Avec un peu de recul, on peut aussi dire que cette œuvre qui montre deux trapézistes est encore plus loufoque que les autres: cette scène, la première qu’elle a réalisée à son arrivée à New York porte sur … une réception ratée, alors même que son arrivée dans cette ville signe au contraire un nouveau chapitre de son existence.

Ce “Trapèze volant” permet également d’aborder une autre caractéristique du travail de l’artiste: le double. Il y a deux femmes sur deux trapèzes, il y a parfois deux lutteuses, ou deux femmes en passe d’être transformées en plantes carnivores.
Sans tout ramener à l’existant, il est intéressant de noter que l’artiste a une sœur jumelle et que ce thème de la gémellité la fascine. “Je discute souvent avec elle de mon travail, je lui demande son avis”.
Mais ce double, quand il intervient,  s’intègre parfaitement au travail de l’artiste en restant dans un dialogue léger avec l’autre.
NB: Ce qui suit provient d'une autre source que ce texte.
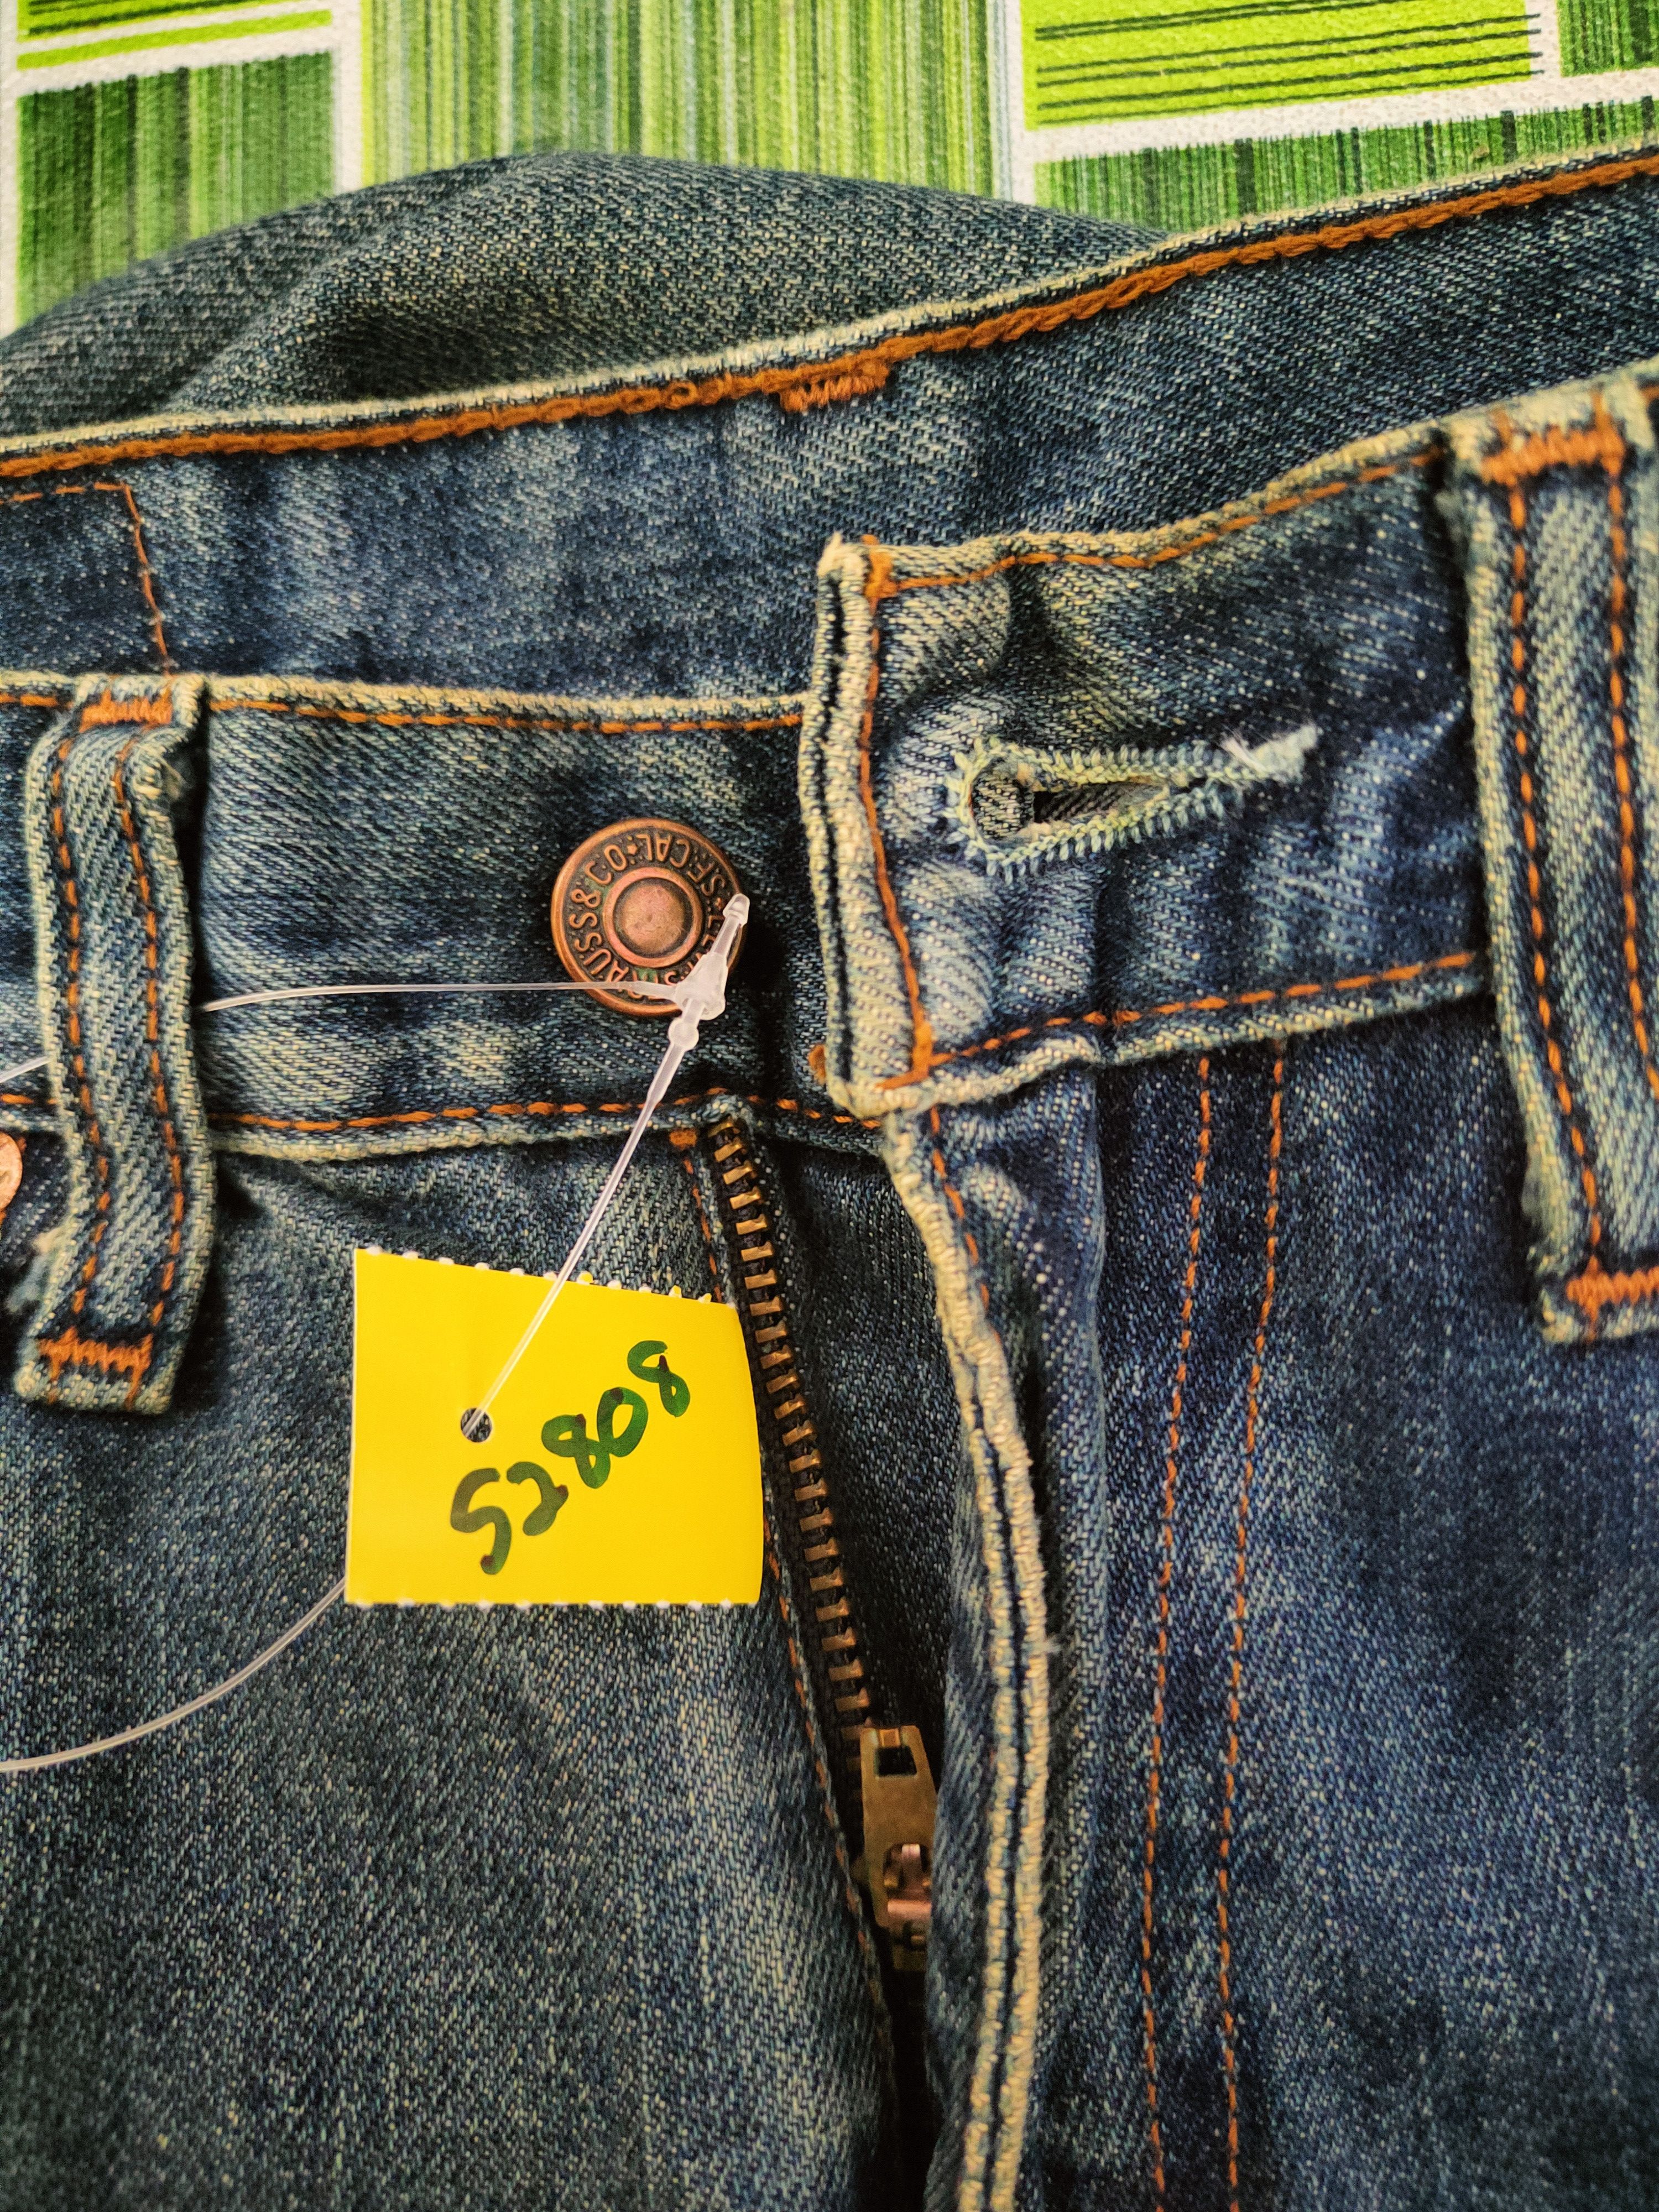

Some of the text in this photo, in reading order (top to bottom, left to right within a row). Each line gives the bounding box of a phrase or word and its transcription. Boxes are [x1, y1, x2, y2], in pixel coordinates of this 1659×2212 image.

[585, 844, 627, 885] CO
[636, 833, 690, 868] CAL
[571, 889, 602, 909] &
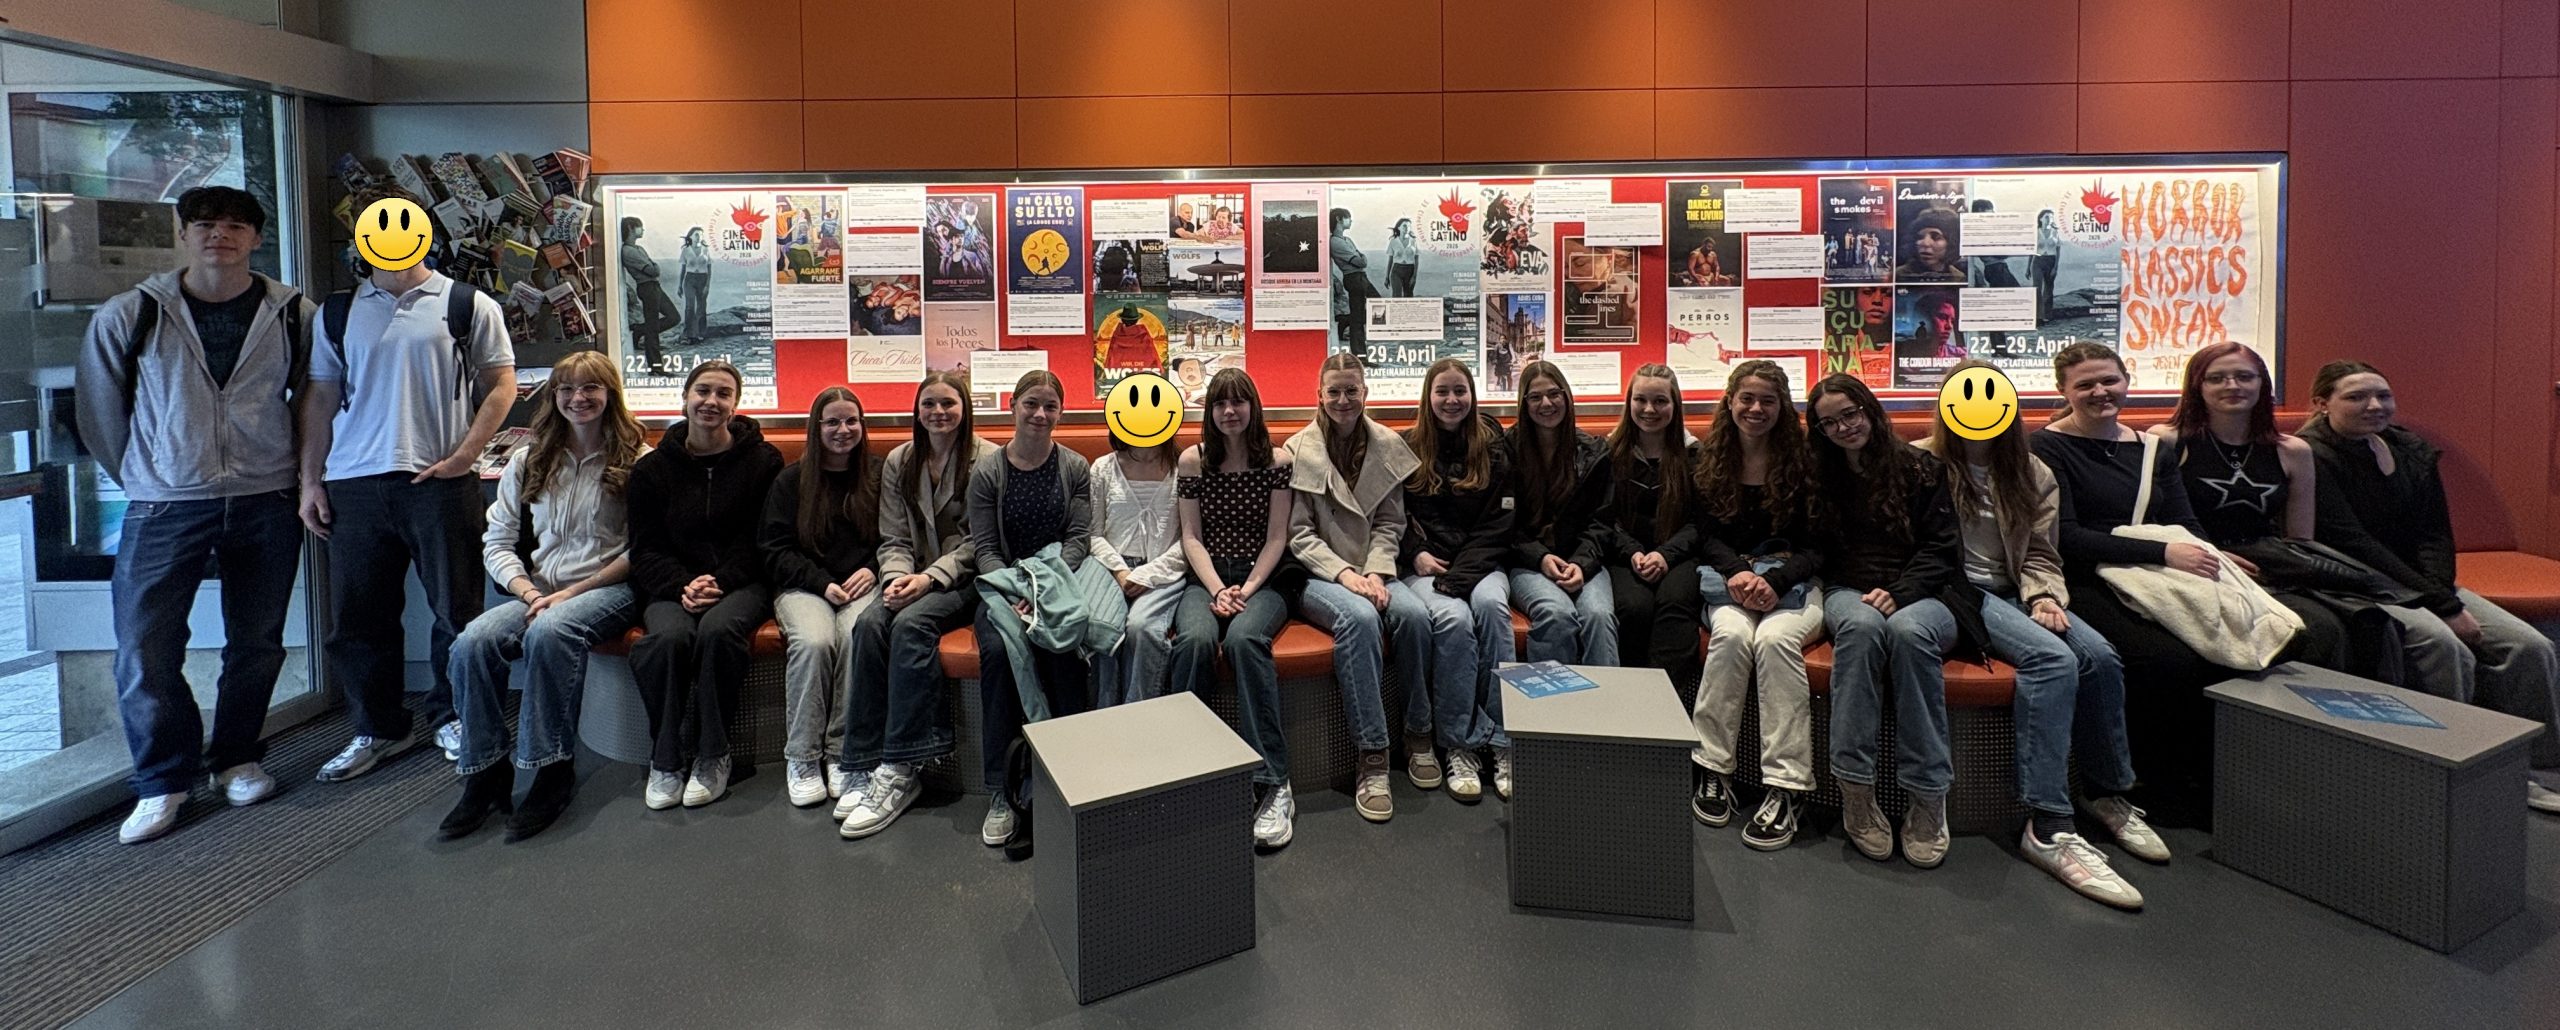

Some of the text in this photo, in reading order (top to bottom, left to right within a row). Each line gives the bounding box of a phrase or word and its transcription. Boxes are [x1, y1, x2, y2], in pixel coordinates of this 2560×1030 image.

[1017, 195, 1073, 206] UN CABO
[1687, 199, 1722, 210] DANCE OF
[1830, 196, 1884, 206] the devil
[1015, 206, 1075, 218] SUELTO
[1834, 205, 1872, 214] smokes
[2121, 179, 2246, 244] HORROR
[1686, 210, 1700, 221] THE
[2073, 212, 2094, 222] CINE
[1430, 220, 1452, 231] CINE
[2073, 222, 2110, 233] LATINO
[723, 229, 745, 240] CINE
[1430, 231, 1467, 242] LATINO
[723, 239, 760, 250] LATINO
[1520, 251, 1544, 267] EVA
[800, 267, 841, 275] AGARRAME
[811, 275, 841, 283] FUERTE
[1579, 295, 1620, 304] the dashed
[1823, 290, 1855, 309] SU
[1599, 304, 1616, 312] lines
[1830, 311, 1865, 334] ÇU
[2126, 299, 2228, 351] SNEAK
[944, 325, 977, 337] Todos
[936, 337, 984, 349] los Peces
[851, 349, 922, 367] Chicas Tristes
[1396, 344, 1436, 366] April
[1828, 355, 1862, 373] NA
[1899, 357, 1910, 367] THE
[1910, 357, 1932, 367] CONDOR
[2009, 358, 2055, 368] LATEINAMER
[626, 378, 649, 387] FILME
[649, 378, 665, 386] AUS
Pas de tension particulière, on reste dans l’insouciance, dans une façon de voir le monde résolument insolite et loufoque, dans une fausse naïveté. “Cela ne veut évidemment pas dire que je n’ai pas conscience de tout ce que la période actuelle a de tragique. Mais cela donne encore plus de pertinence à ce travail qui offre quelque chose de totalement décalé par rapport à la réalité”.
Un contre-point au cortège d’angoisses et d’inquiétudes que le monde peut par ailleurs générer.